Reopening plans for the small far East Contra Costa County district, which include Byron and Discovery Bay schools, were approved in late February. Trustees had hoped to open schools after the winter break, but by then the number of COVID-19 cases still were surging from holiday gatherings and the region had slipped into the state’s purple tier for reopening.
Gauana said the district’s decision to return to in-person learning stemmed from the recent decline in new COVID-19 cases and hospitalizations.
But though new state rules allow K-6 schools to reopen in the purple tier, students in secondary schools must wait until the county reaches the red tier threshold.
“It has always been the goal of our district — board of trustees, both present and past, administrators, and certificated and classified staffs — to bring our students back to campus once we could do so safely,” Gauna’s email said.
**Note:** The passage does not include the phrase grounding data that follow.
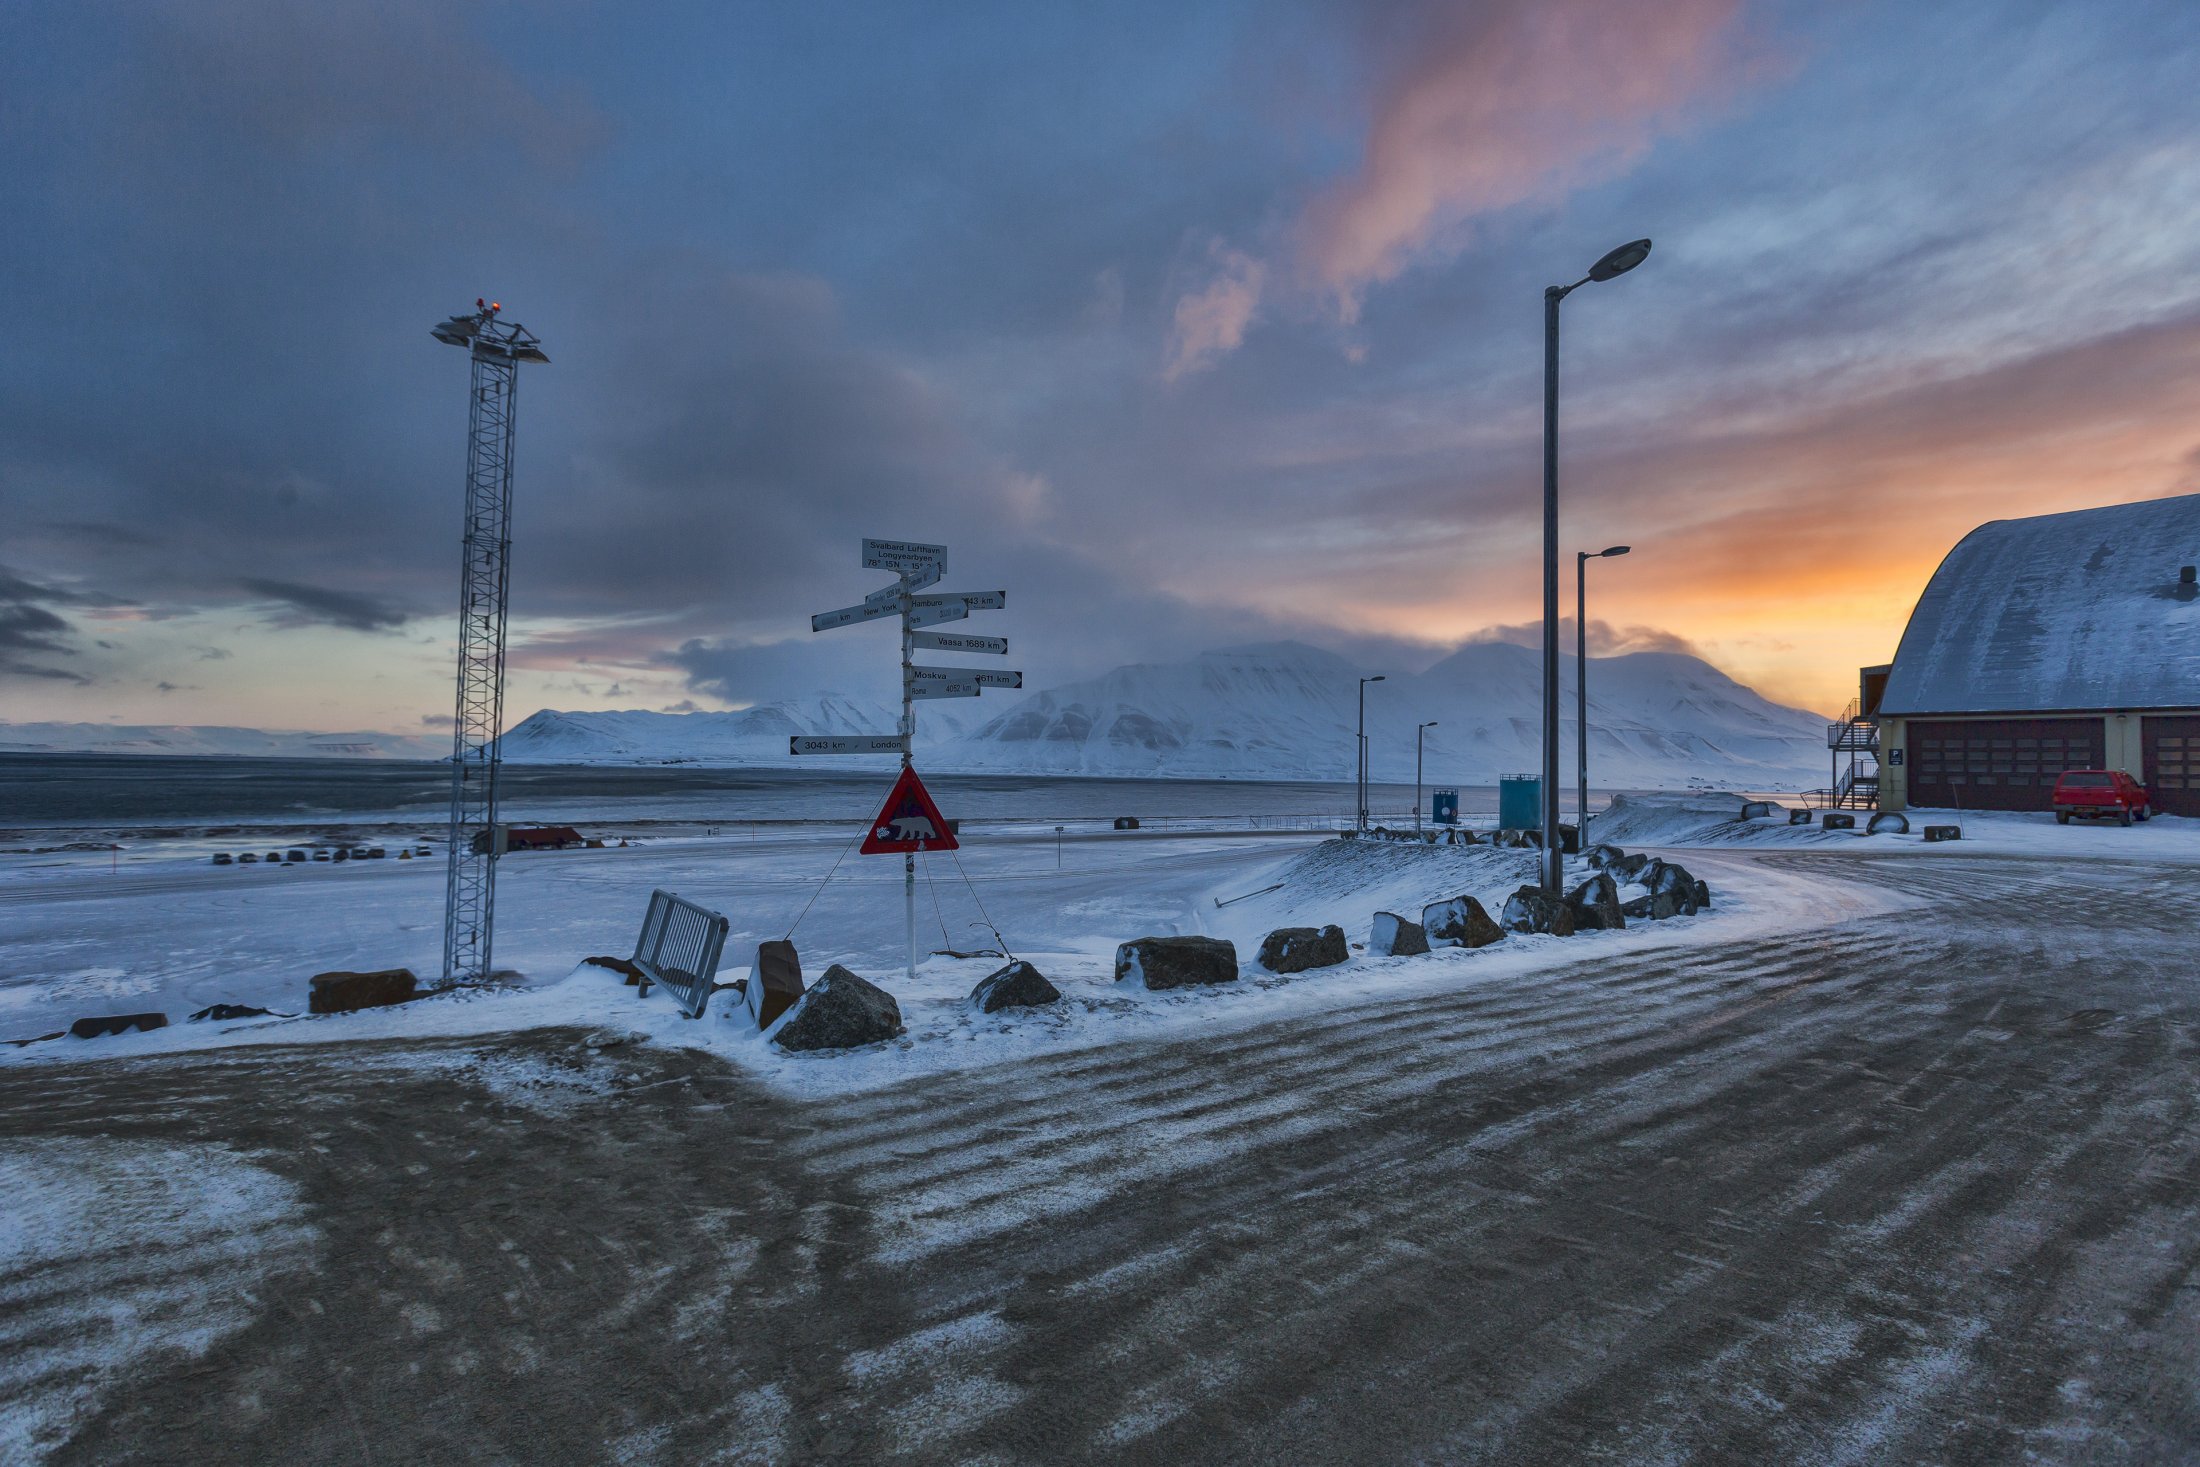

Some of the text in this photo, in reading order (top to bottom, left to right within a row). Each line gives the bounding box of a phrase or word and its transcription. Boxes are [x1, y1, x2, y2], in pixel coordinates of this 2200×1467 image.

[870, 541, 940, 554] Svalbard Lufthavn
[878, 551, 933, 562] Longyearbyen
[867, 559, 881, 567] 78°
[839, 614, 851, 622] km
[863, 607, 879, 617] New
[881, 602, 897, 612] York
[909, 615, 921, 624] Paris
[937, 636, 1000, 650] Vaasa 1689 km
[914, 670, 947, 680] Moskva
[997, 675, 1010, 683] km
[911, 683, 972, 695] Roma 4052 km
[804, 740, 902, 750] 3043 km London
“Our district has taken all appropriate steps to ensure that we are following all local and state requirements, always placing the safety of our students and staff as our No. 1 priority,” he added.
Parents were allowed in January to choose either continued distance learning through the end of the year for their children or a transition to a hybrid model with in-person classes four days a week and remote learning one day.
Plans call for students in transitional kindergarten, kindergarten, first grade, specialized academic instruction preschool
and academy programs to return Monday for classroom instruction and for those in grades 2-6 to return the following Monday.
Special education students returned to the classrooms in November.
Seventh and eighth graders will have to wait until the region reaches the red tier under the state’s reopening plan. They also would participate in the hybrid learning model.
Becky Hund, a seventh grade teacher at Byron Excelsior Middle School, told the board at its last meeting she was confident the district will be opening “in the safest ways we can.”
“When I think about our upcoming hybrid and distance schedule, I am definitely apprehensive about what’s to come but I am willing to jump in and do whatever we can,” she said. “In my mind I want all students back on the campus 100% of the time.”
Hund, however, cautioned district leaders not
to ignore the “elephant in the room” — that overcrowded schools can’t safely fill their classrooms “with the numbers that we have been filling them with for decades now.”
“There aren’t as many environments as densely packed as public school classrooms,” she said. “So until we address the issue of overcrowded classrooms, any safety measures we do are just a Band-Aid on the problem.”
Board Vice President Melissa Ortiz-Gray acknowledged the board can’t please everyone with its reopening plans but is “definitely moving in the right direction.”
“We’ve put together a cohesive plan that’s the best that we can put out there,” she said. “And now we’re going to test the plan.”
Nearby Knightsen’s tiny two-school district also plans to open with a hybrid plan Monday for K-3 students and tentatively has set April 12 for the reopening of grades 4-6 and 7-8 as soon as the county hits the red tier.